[[ PROVIDED RECORDS, beginning ]]

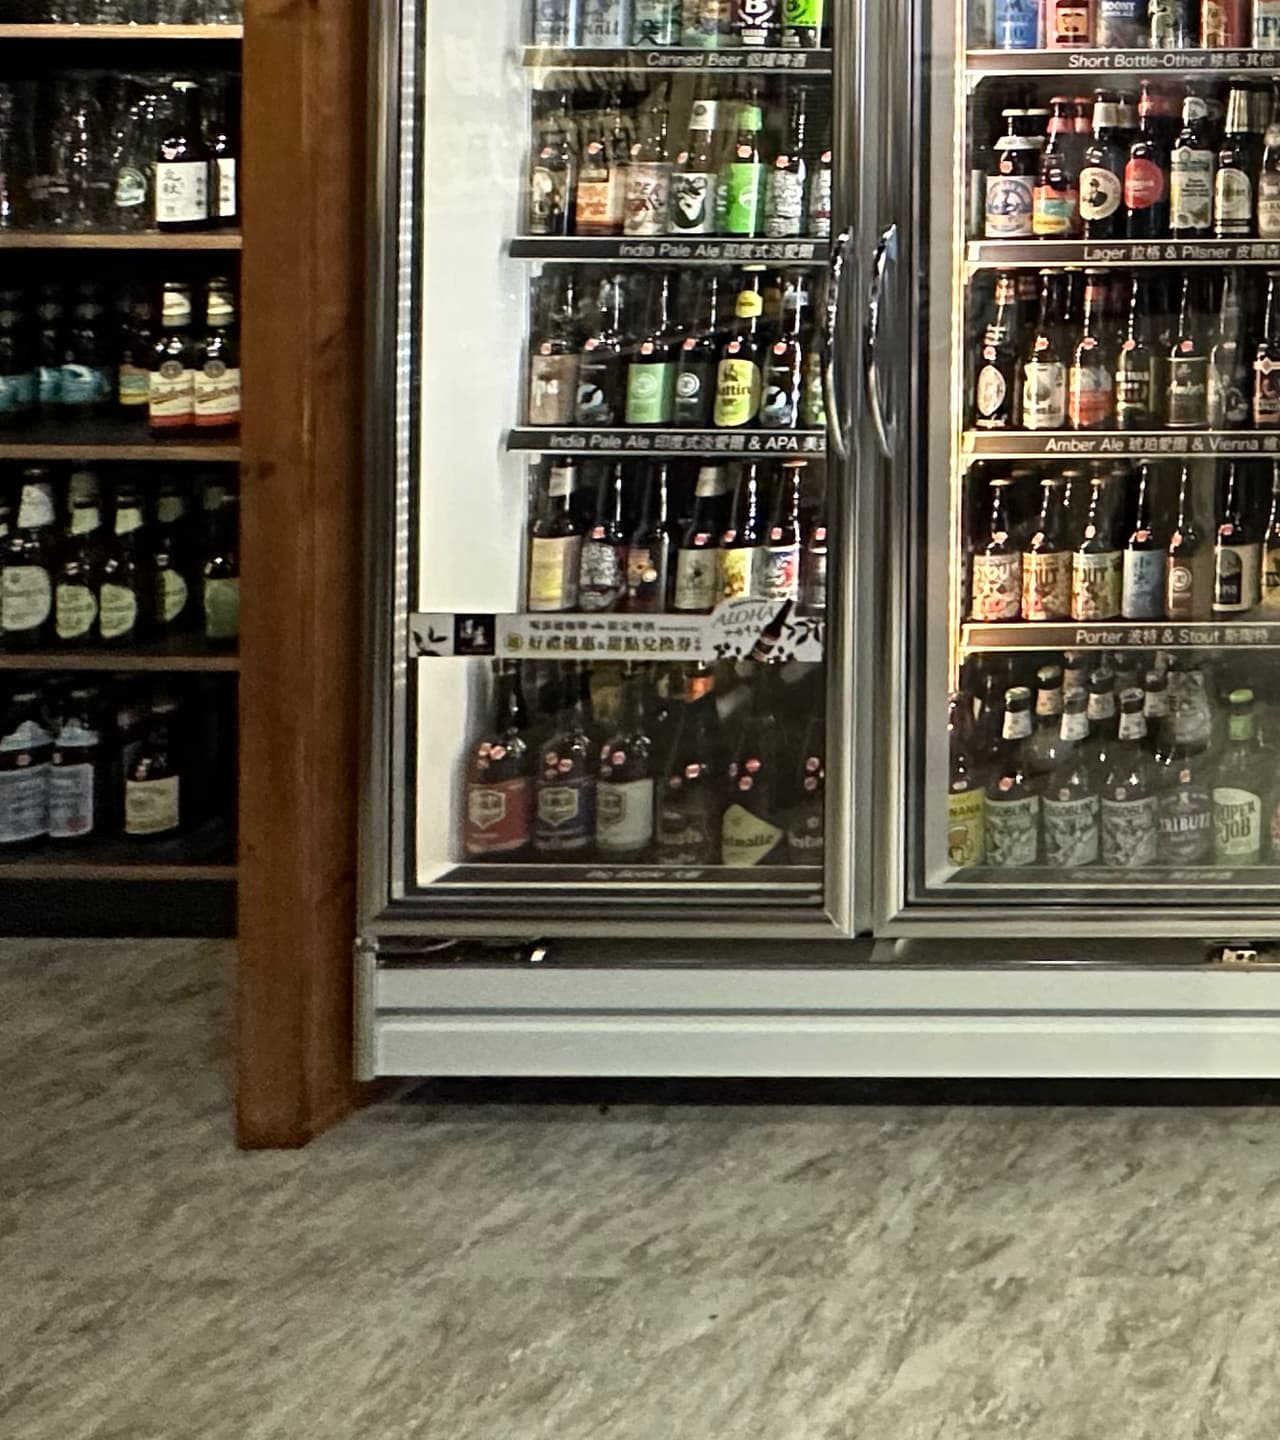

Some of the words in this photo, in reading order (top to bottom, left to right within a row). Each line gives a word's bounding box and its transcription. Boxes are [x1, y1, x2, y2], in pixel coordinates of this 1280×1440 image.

[647, 52, 704, 67] Canned
[708, 52, 744, 67] Beer
[1068, 54, 1110, 67] Short
[619, 243, 655, 257] India
[659, 243, 692, 257] Pale
[695, 243, 720, 257] Ale
[1083, 246, 1127, 262] Lager
[1164, 245, 1177, 260] &
[1182, 245, 1232, 260] Pilsner
[549, 434, 586, 448] India
[589, 434, 622, 448] Pale
[625, 434, 650, 448] Ale
[748, 435, 761, 449] &
[765, 435, 799, 449] APA
[1045, 438, 1095, 452] Amber
[1100, 438, 1124, 451] Ale
[1192, 438, 1203, 451] &
[1209, 437, 1259, 451] Vienna
[1075, 629, 1123, 644] Porter
[1162, 630, 1174, 643] &
[1179, 629, 1220, 644] Stout
[1223, 816, 1251, 844] JOB

[[ PROVIDED RECORDS, end ]]

→ **WORK TO BE COMPLETED**
Without including any pictures, print each record exactly.

→ **REPLY TO THE TASK**
Some of the words in this photo, in reading order (top to bottom, left to right within a row). Each line gives a word's bounding box and its transcription. Boxes are [x1, y1, x2, y2], in pixel coordinates of this 1280×1440 image.

[647, 52, 704, 67] Canned
[708, 52, 744, 67] Beer
[1068, 54, 1110, 67] Short
[619, 243, 655, 257] India
[659, 243, 692, 257] Pale
[695, 243, 720, 257] Ale
[1083, 246, 1127, 262] Lager
[1164, 245, 1177, 260] &
[1182, 245, 1232, 260] Pilsner
[549, 434, 586, 448] India
[589, 434, 622, 448] Pale
[625, 434, 650, 448] Ale
[748, 435, 761, 449] &
[765, 435, 799, 449] APA
[1045, 438, 1095, 452] Amber
[1100, 438, 1124, 451] Ale
[1192, 438, 1203, 451] &
[1209, 437, 1259, 451] Vienna
[1075, 629, 1123, 644] Porter
[1162, 630, 1174, 643] &
[1179, 629, 1220, 644] Stout
[1223, 816, 1251, 844] JOB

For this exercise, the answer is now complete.